Payment for Transition
Services .
2.1
Service Costs
. In consideration for the MGM
Group’s provision of the Transition Services, the MGM
Acquired Entities (on a basis apportioned by Purchaser) shall, and
Purchaser shall cause the MGM Acquired Entities to, reimburse the
member of the MGM Group specified on the invoice due for the costs
of providing the applicable Transition Service (the “Service
Costs”). The payment obligations of the MGM Acquired
Entities to the MGM Group are joint and several, notwithstanding
any apportionment by Purchaser. The Service Costs shall be
determined in accordance with the corresponding Schedule for
such Transition Service; provided that in no event
shall Service Costs include any cost, expense, fee, charge or other
amount (a) with respect to any item, service, property or other
matter for which the MGM Group is otherwise obligated to pay under
the Purchase Agreement or (b) relating to any obligation, covenant
or agreement of the MGM Group pursuant to the Purchase Agreement
for which the MGM Group is obligated to pay under the Purchase
Agreement.
2.2
Reimbursement of Service
Costs . Within
twenty (20) days after the end of each calendar month during the
Transition Period, Parent shall invoice Purchaser for Service
Costs; provided that any non-bad faith failure of
Parent to provide to Purchaser an invoice within said twenty (20)

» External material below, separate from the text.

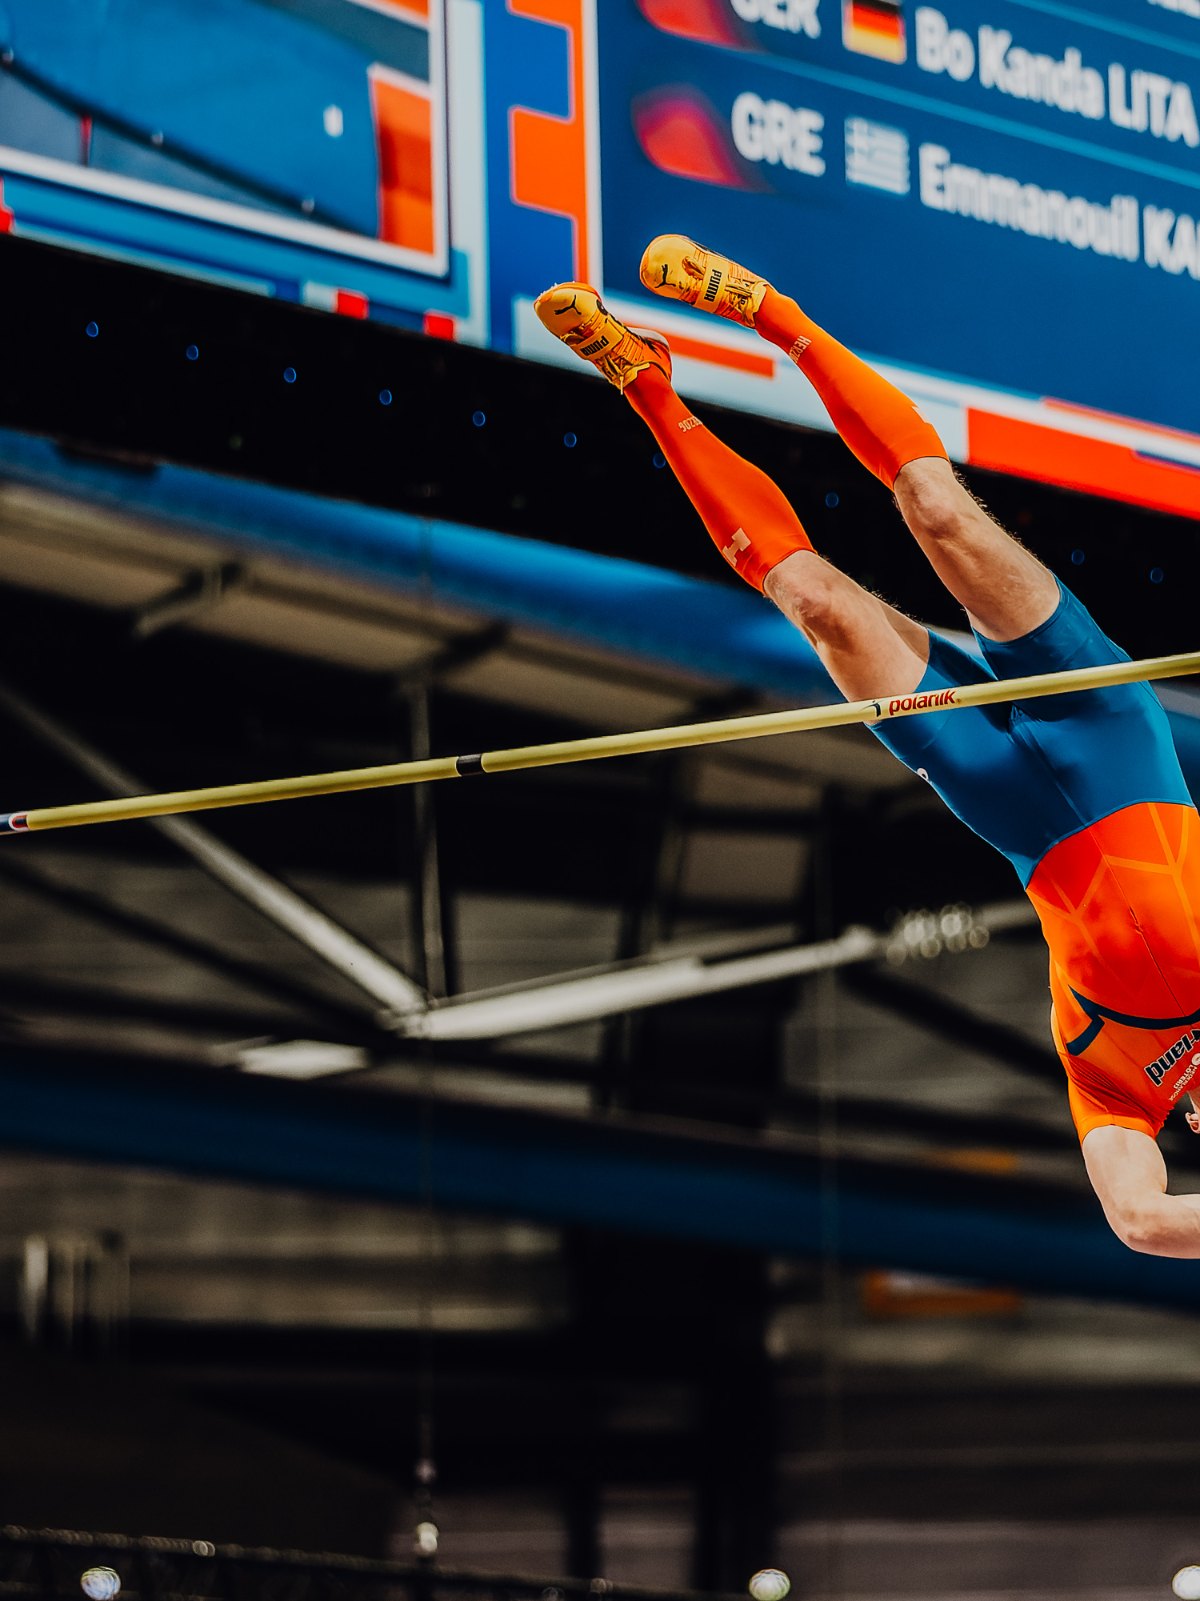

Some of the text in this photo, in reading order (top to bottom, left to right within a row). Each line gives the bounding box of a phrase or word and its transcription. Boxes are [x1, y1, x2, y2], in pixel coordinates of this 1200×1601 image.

day period shall not waive Parent’s right to thereafter
provide an invoice to Purchaser and Parent’s entitlement to
receive payment in respect thereof in accordance with the terms of
this Agreement. Such invoices shall set forth in reasonable
detail the Transition Services provided during such month and the
Service Costs payable by the MGM Acquired Entities therefor.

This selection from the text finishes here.